Task material ->
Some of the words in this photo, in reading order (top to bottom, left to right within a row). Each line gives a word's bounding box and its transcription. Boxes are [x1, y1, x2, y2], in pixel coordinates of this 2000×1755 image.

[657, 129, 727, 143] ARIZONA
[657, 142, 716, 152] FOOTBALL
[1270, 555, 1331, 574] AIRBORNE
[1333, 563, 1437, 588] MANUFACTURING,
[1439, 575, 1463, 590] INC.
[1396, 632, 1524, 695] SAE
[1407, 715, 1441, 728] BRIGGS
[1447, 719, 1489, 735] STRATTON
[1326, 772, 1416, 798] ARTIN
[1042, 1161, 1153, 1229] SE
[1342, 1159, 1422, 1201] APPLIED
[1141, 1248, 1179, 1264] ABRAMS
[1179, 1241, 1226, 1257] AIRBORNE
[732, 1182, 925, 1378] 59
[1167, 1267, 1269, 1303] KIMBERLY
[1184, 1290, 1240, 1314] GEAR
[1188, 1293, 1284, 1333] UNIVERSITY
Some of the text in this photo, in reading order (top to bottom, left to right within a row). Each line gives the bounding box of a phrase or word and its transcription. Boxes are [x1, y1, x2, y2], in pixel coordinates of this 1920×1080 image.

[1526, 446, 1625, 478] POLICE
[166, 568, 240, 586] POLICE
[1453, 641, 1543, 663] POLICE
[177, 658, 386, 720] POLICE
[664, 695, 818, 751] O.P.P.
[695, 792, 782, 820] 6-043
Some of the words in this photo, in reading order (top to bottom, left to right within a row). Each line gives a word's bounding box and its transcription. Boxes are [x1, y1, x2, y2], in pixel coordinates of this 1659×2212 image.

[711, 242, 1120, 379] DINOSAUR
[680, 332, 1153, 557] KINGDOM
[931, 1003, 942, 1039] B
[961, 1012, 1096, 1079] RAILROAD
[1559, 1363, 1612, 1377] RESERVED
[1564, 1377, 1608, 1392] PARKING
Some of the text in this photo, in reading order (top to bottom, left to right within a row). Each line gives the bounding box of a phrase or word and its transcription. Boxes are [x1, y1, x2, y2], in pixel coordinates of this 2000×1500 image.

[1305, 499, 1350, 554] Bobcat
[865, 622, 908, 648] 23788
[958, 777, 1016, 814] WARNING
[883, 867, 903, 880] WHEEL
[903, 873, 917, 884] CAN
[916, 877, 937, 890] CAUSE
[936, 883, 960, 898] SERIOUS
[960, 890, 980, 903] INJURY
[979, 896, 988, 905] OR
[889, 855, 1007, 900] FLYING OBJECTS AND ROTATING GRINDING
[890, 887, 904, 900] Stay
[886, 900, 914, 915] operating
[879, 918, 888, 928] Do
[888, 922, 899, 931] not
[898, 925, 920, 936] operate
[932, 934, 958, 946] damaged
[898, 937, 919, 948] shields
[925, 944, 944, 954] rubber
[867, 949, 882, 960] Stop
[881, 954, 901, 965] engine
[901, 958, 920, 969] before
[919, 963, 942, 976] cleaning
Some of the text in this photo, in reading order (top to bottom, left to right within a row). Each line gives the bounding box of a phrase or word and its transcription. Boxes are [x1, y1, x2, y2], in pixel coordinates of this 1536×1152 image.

Activity -> Transcribe each entry verbatim, leaving none out.

Result of the exercise ->
Some of the words in this photo, in reading order (top to bottom, left to right within a row). Each line gives a word's bounding box and its transcription. Boxes are [x1, y1, x2, y2], in pixel coordinates of this 2000×1755 image.

[657, 129, 727, 143] ARIZONA
[657, 142, 716, 152] FOOTBALL
[1270, 555, 1331, 574] AIRBORNE
[1333, 563, 1437, 588] MANUFACTURING,
[1439, 575, 1463, 590] INC.
[1396, 632, 1524, 695] SAE
[1407, 715, 1441, 728] BRIGGS
[1447, 719, 1489, 735] STRATTON
[1326, 772, 1416, 798] ARTIN
[1042, 1161, 1153, 1229] SE
[1342, 1159, 1422, 1201] APPLIED
[1141, 1248, 1179, 1264] ABRAMS
[1179, 1241, 1226, 1257] AIRBORNE
[732, 1182, 925, 1378] 59
[1167, 1267, 1269, 1303] KIMBERLY
[1184, 1290, 1240, 1314] GEAR
[1188, 1293, 1284, 1333] UNIVERSITY
Some of the text in this photo, in reading order (top to bottom, left to right within a row). Each line gives the bounding box of a phrase or word and its transcription. Boxes are [x1, y1, x2, y2], in pixel coordinates of this 1920×1080 image.

[1526, 446, 1625, 478] POLICE
[166, 568, 240, 586] POLICE
[1453, 641, 1543, 663] POLICE
[177, 658, 386, 720] POLICE
[664, 695, 818, 751] O.P.P.
[695, 792, 782, 820] 6-043
Some of the words in this photo, in reading order (top to bottom, left to right within a row). Each line gives a word's bounding box and its transcription. Boxes are [x1, y1, x2, y2], in pixel coordinates of this 1659×2212 image.

[711, 242, 1120, 379] DINOSAUR
[680, 332, 1153, 557] KINGDOM
[931, 1003, 942, 1039] B
[961, 1012, 1096, 1079] RAILROAD
[1559, 1363, 1612, 1377] RESERVED
[1564, 1377, 1608, 1392] PARKING
Some of the text in this photo, in reading order (top to bottom, left to right within a row). Each line gives the bounding box of a phrase or word and its transcription. Boxes are [x1, y1, x2, y2], in pixel coordinates of this 2000×1500 image.

[1305, 499, 1350, 554] Bobcat
[865, 622, 908, 648] 23788
[958, 777, 1016, 814] WARNING
[883, 867, 903, 880] WHEEL
[903, 873, 917, 884] CAN
[916, 877, 937, 890] CAUSE
[936, 883, 960, 898] SERIOUS
[960, 890, 980, 903] INJURY
[979, 896, 988, 905] OR
[889, 855, 1007, 900] FLYING OBJECTS AND ROTATING GRINDING
[890, 887, 904, 900] Stay
[886, 900, 914, 915] operating
[879, 918, 888, 928] Do
[888, 922, 899, 931] not
[898, 925, 920, 936] operate
[932, 934, 958, 946] damaged
[898, 937, 919, 948] shields
[925, 944, 944, 954] rubber
[867, 949, 882, 960] Stop
[881, 954, 901, 965] engine
[901, 958, 920, 969] before
[919, 963, 942, 976] cleaning
Some of the text in this photo, in reading order (top to bottom, left to right within a row). Each line gives the bounding box of a phrase or word and its transcription. Boxes are [x1, y1, x2, y2], in pixel coordinates of this 1536×1152 image.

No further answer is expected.